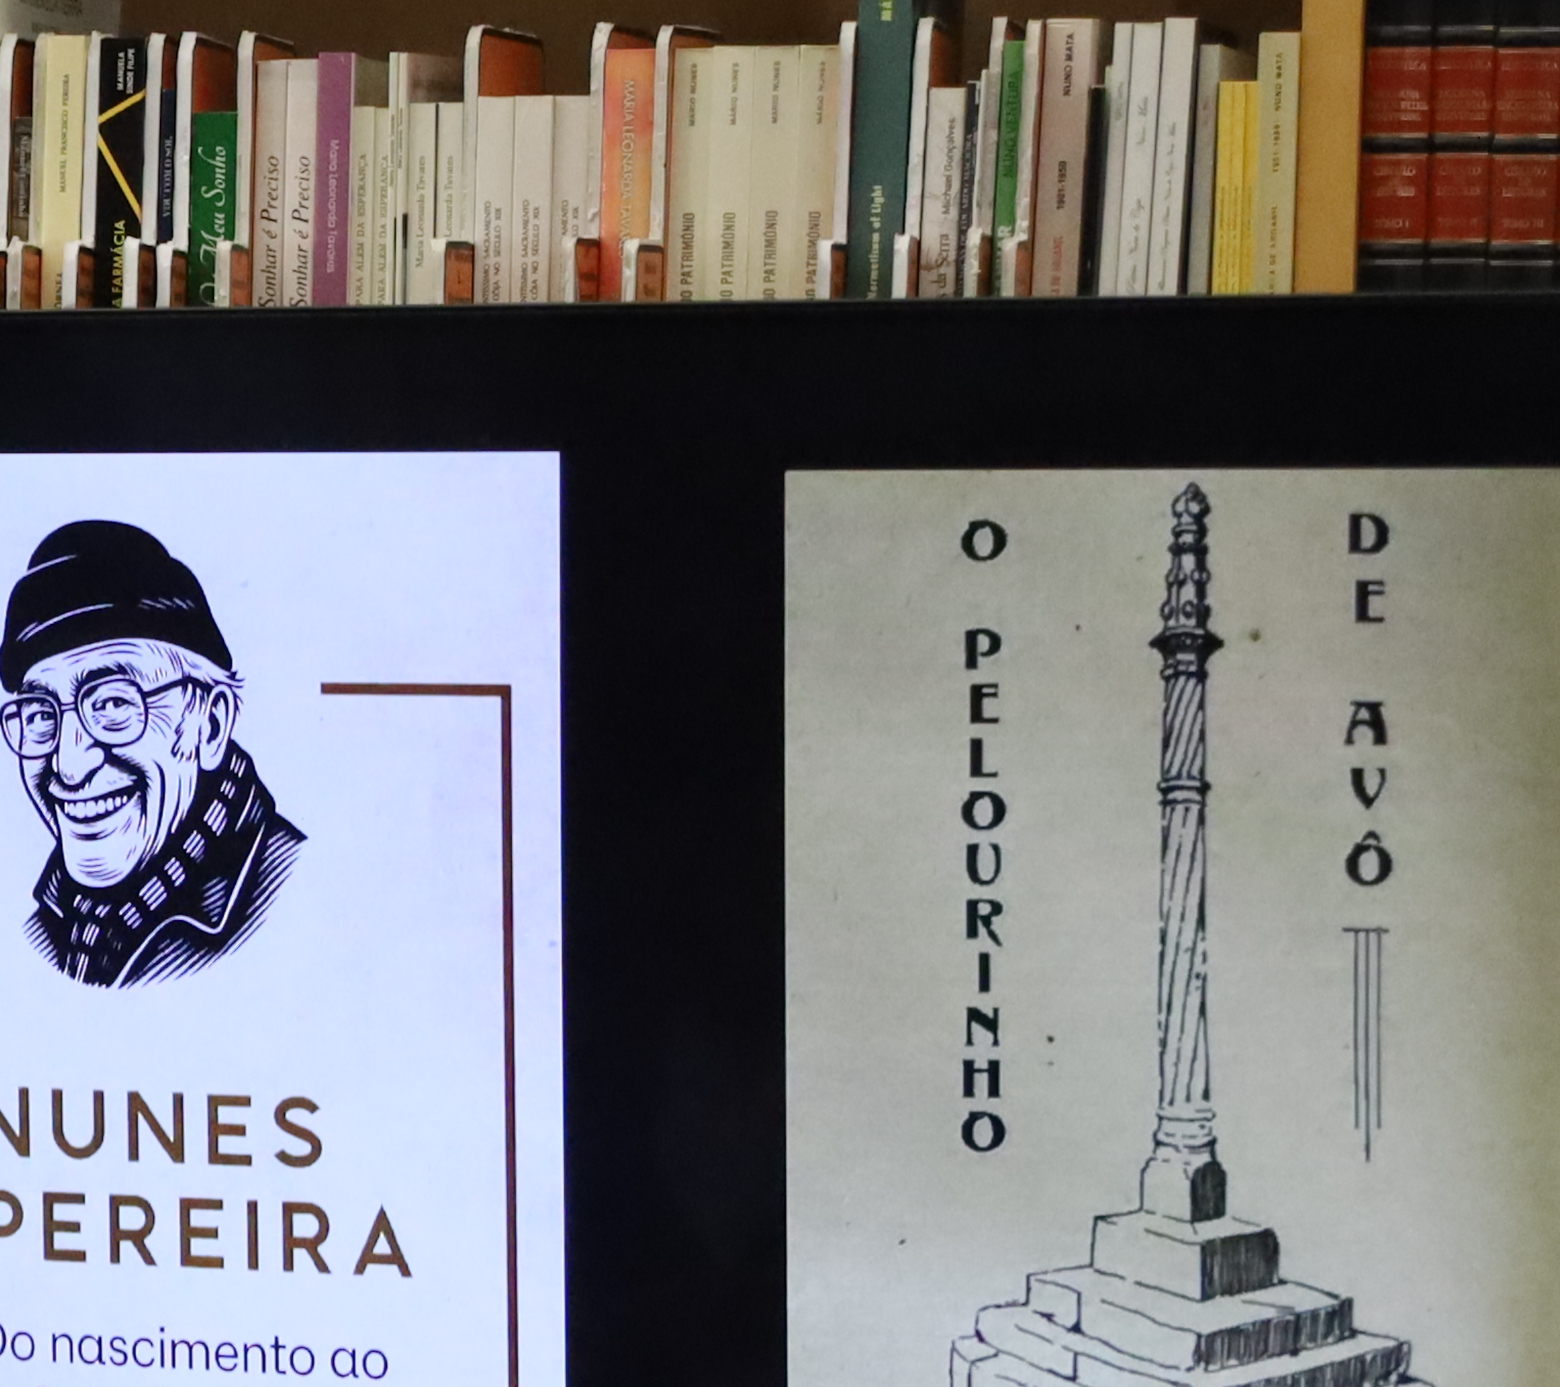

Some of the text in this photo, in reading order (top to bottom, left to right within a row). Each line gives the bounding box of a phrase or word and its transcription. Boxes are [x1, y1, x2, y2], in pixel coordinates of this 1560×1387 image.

[260, 156, 279, 223] Preciso
[258, 245, 278, 307] Sonhar
[1344, 512, 1393, 886] DE AVÔ
[960, 519, 1007, 1152] O PELOURINHO
[51, 1326, 316, 1378] nascimento
[331, 1341, 390, 1380] ao
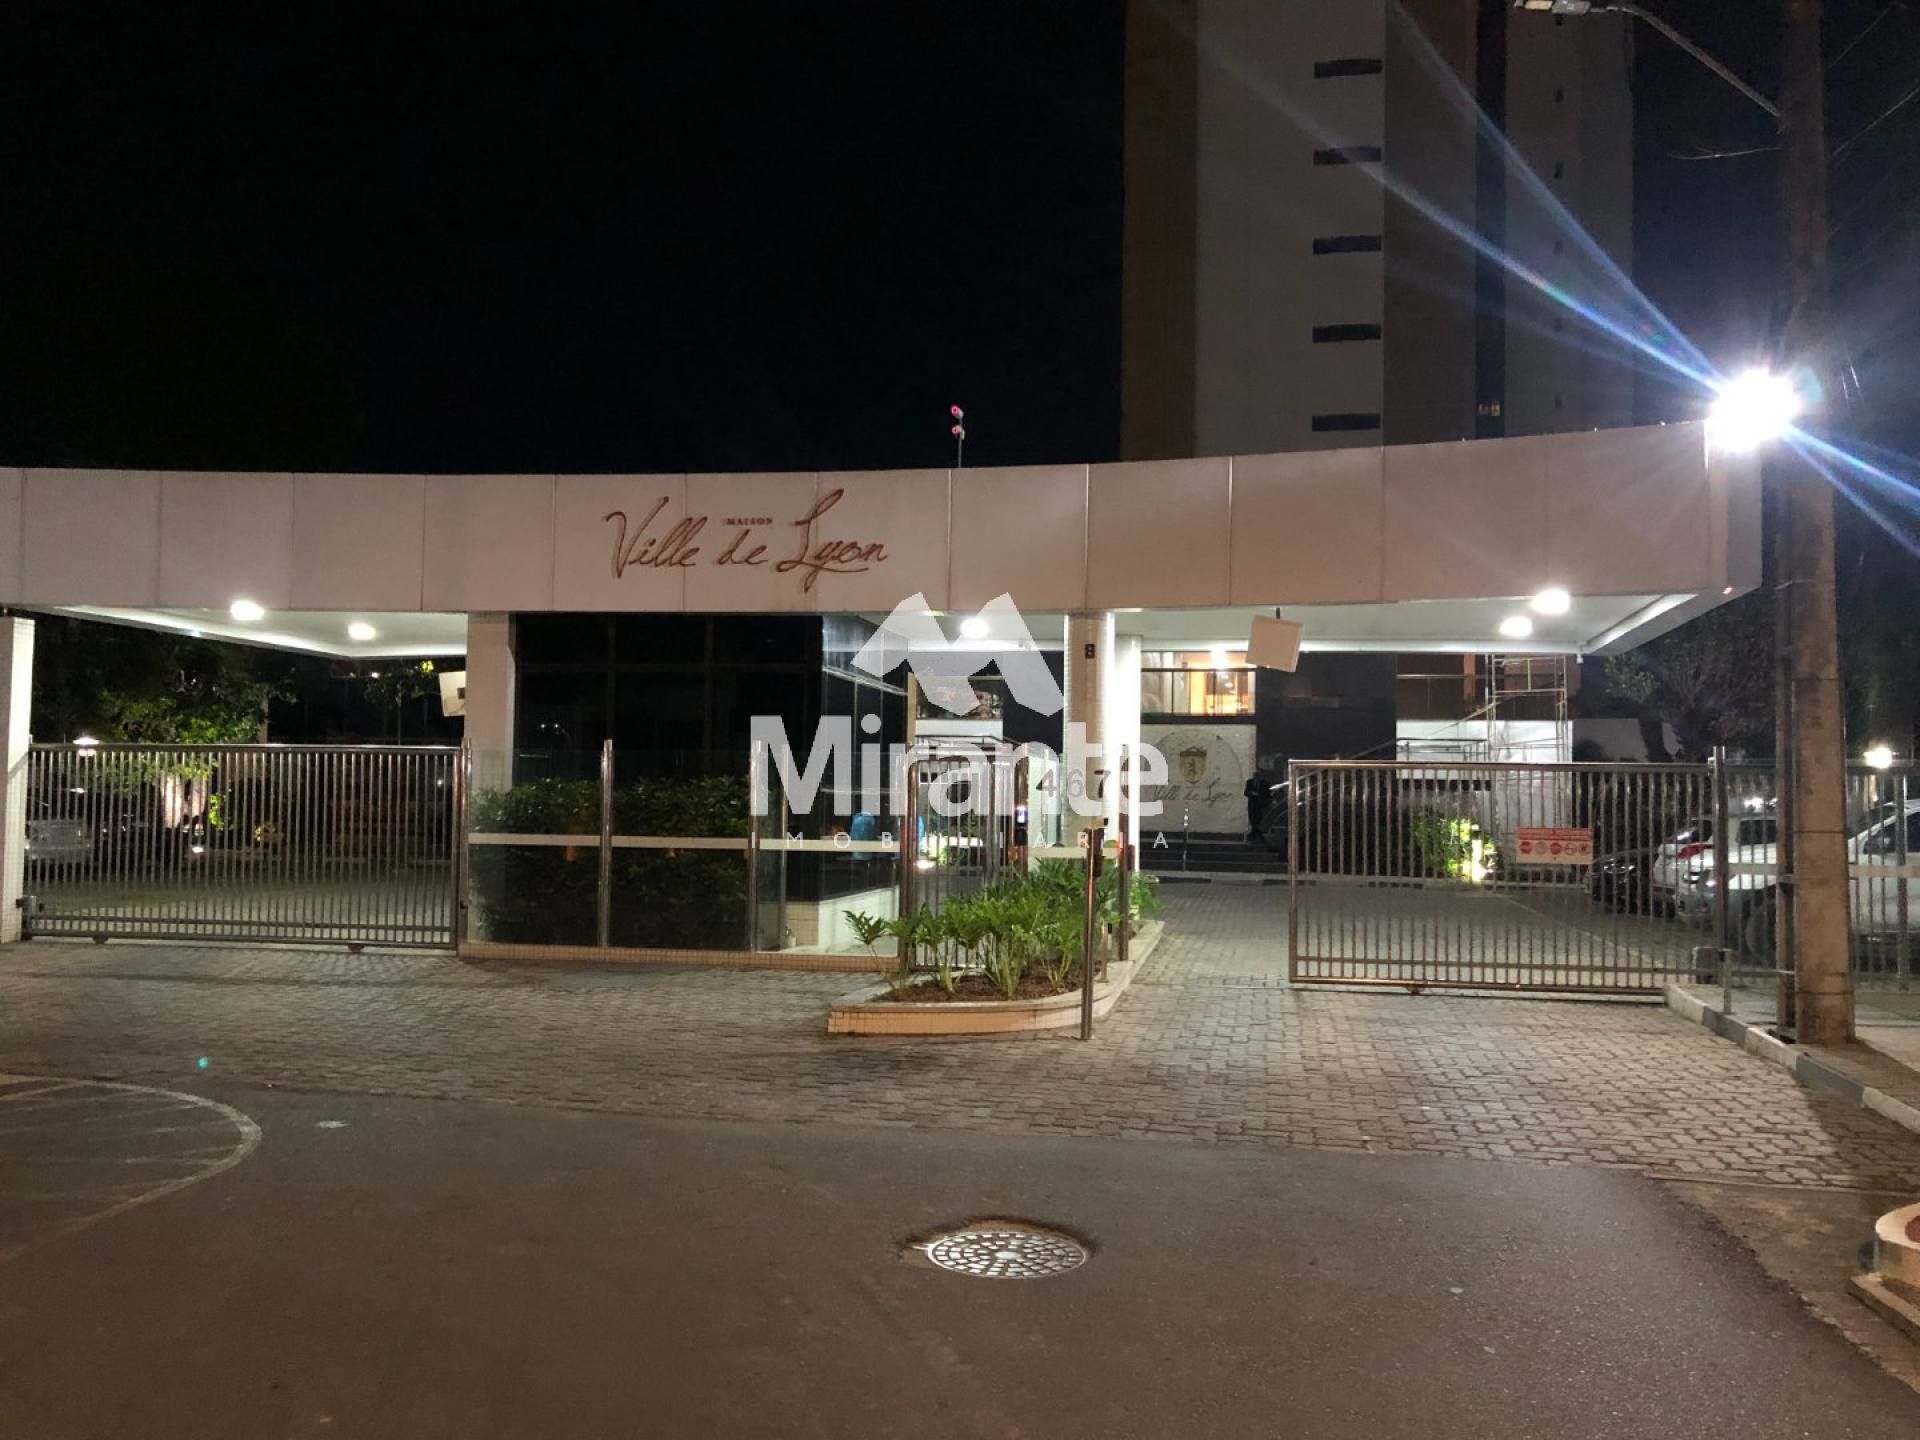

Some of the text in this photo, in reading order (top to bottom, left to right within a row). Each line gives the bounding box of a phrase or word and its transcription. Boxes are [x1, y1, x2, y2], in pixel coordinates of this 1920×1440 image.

[604, 488, 888, 593] Ville de Lyon
[727, 517, 773, 526] MAISON
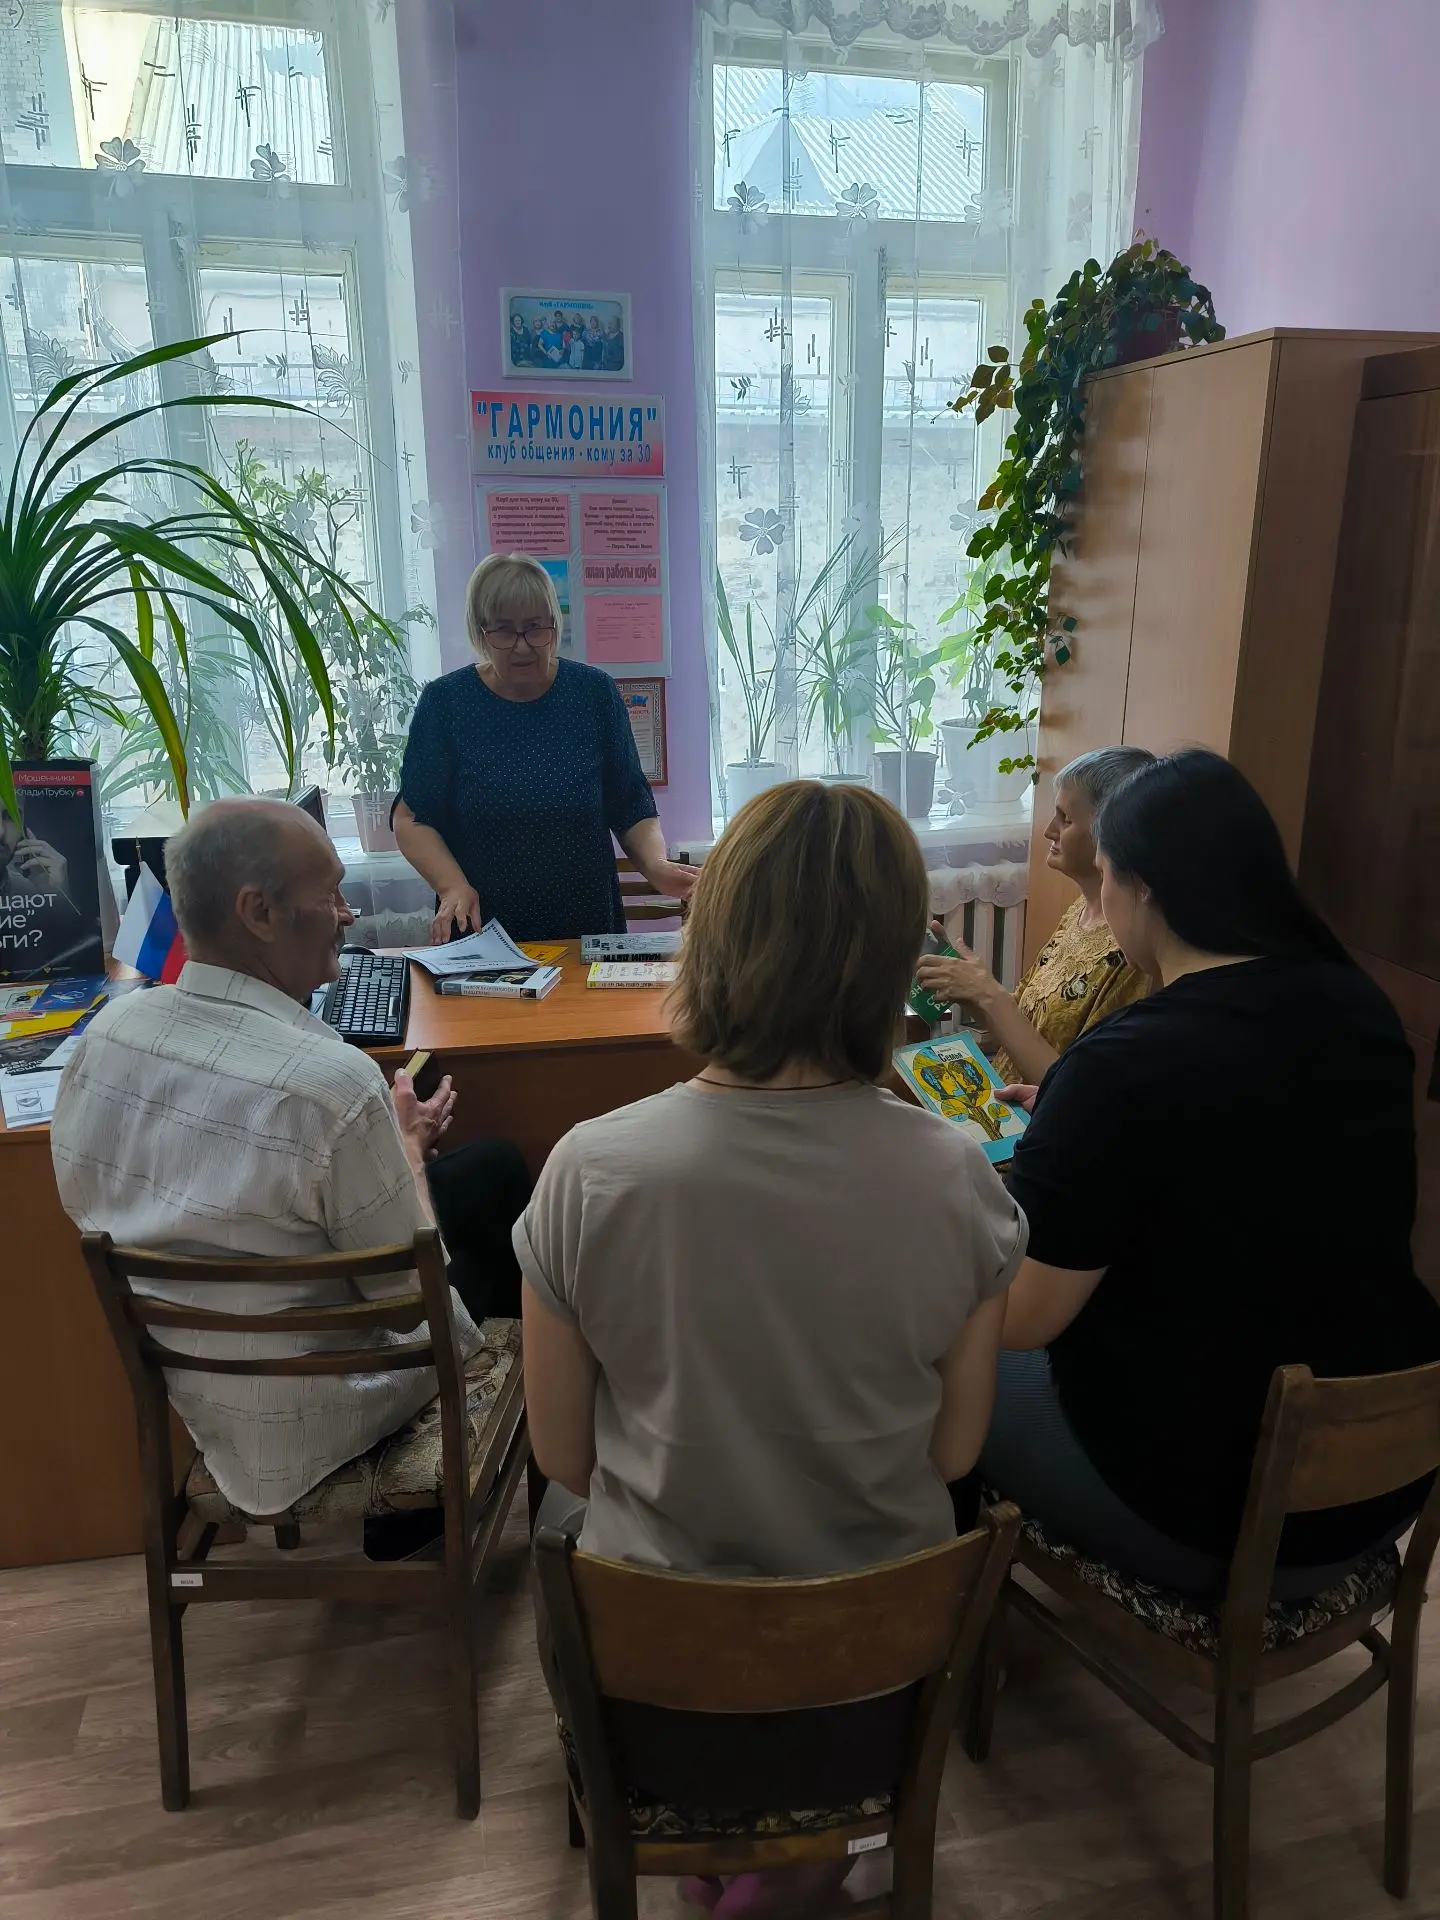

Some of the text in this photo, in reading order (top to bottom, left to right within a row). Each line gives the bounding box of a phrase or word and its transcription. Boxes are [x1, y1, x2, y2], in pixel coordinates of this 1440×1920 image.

[476, 401, 657, 442] "ГАРМОНИЯ"
[487, 440, 516, 464] клуб
[521, 440, 575, 465] общения
[587, 447, 615, 466] кому
[620, 449, 633, 462] за
[637, 445, 651, 463] 30
[585, 562, 656, 582] план работы клуба
[18, 774, 75, 783] Мошенники
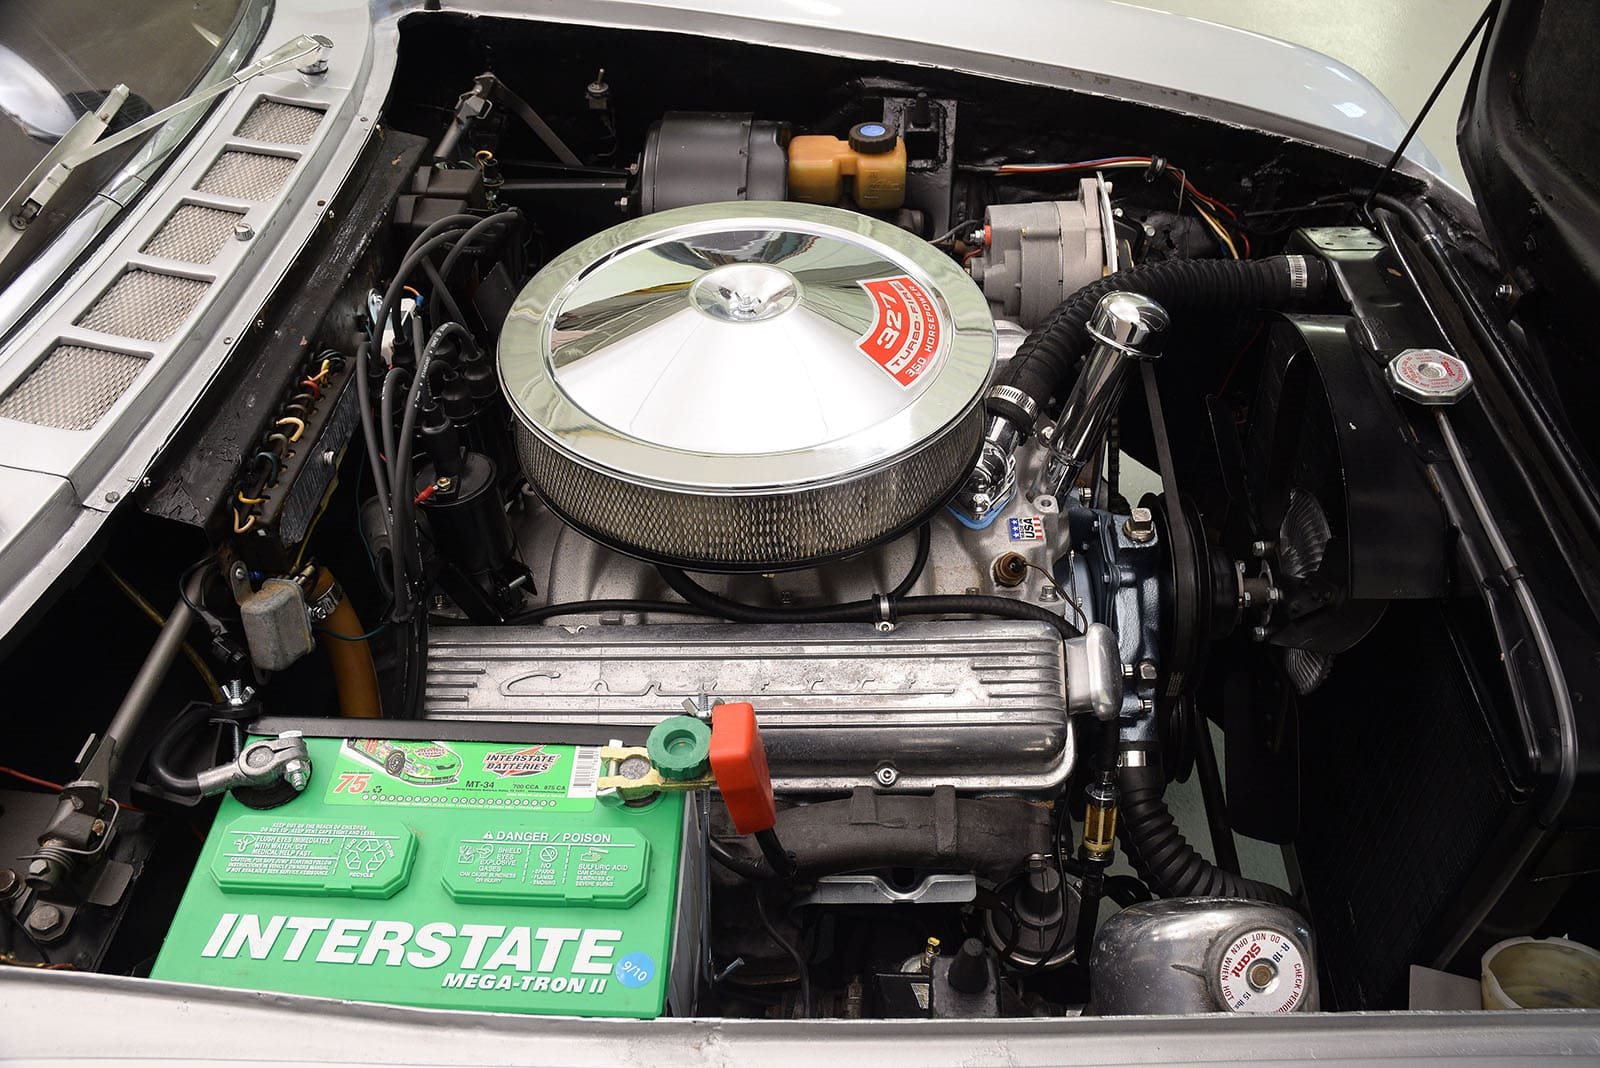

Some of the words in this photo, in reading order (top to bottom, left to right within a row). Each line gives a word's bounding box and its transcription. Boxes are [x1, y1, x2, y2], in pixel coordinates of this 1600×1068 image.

--------------------------------------------------

(EXERCISE DIRECTIONS)
Everything in the records above is to be copied exactly, except the pictures.

(EXERCISE RESULT)
Some of the text in this photo, in reading order (top to bottom, left to right within a row). Each line gives the bounding box of a phrase or word and its transcription. Boxes are [x1, y1, x2, y2], in pixel coordinates of this 1560×1387 image.

[260, 156, 279, 223] Preciso
[258, 245, 278, 307] Sonhar
[1344, 512, 1393, 886] DE AVÔ
[960, 519, 1007, 1152] O PELOURINHO
[51, 1326, 316, 1378] nascimento
[331, 1341, 390, 1380] ao

Some of the text in this photo, in reading order (top to bottom, left to right within a row). Each line gives the bounding box of a phrase or word and its transcription. Boxes are [x1, y1, x2, y2], in pixel coordinates of this 1920×1440 image.

[604, 488, 888, 593] Ville de Lyon
[727, 517, 773, 526] MAISON

Some of the text in this photo, in reading order (top to bottom, left to right within a row). Each line gives the bounding box of a phrase or word and its transcription. Boxes are [x1, y1, x2, y2], in pixel coordinates of this 1440×1920 image.

[476, 401, 657, 442] "ГАРМОНИЯ"
[487, 440, 516, 464] клуб
[521, 440, 575, 465] общения
[587, 447, 615, 466] кому
[620, 449, 633, 462] за
[637, 445, 651, 463] 30
[585, 562, 656, 582] план работы клуба
[18, 774, 75, 783] Мошенники

Some of the words in this photo, in reading order (top to bottom, left to right within a row). Each line gives a word's bounding box and its transcription. Boxes are [x1, y1, x2, y2], in pixel coordinates of this 1600×1068 image.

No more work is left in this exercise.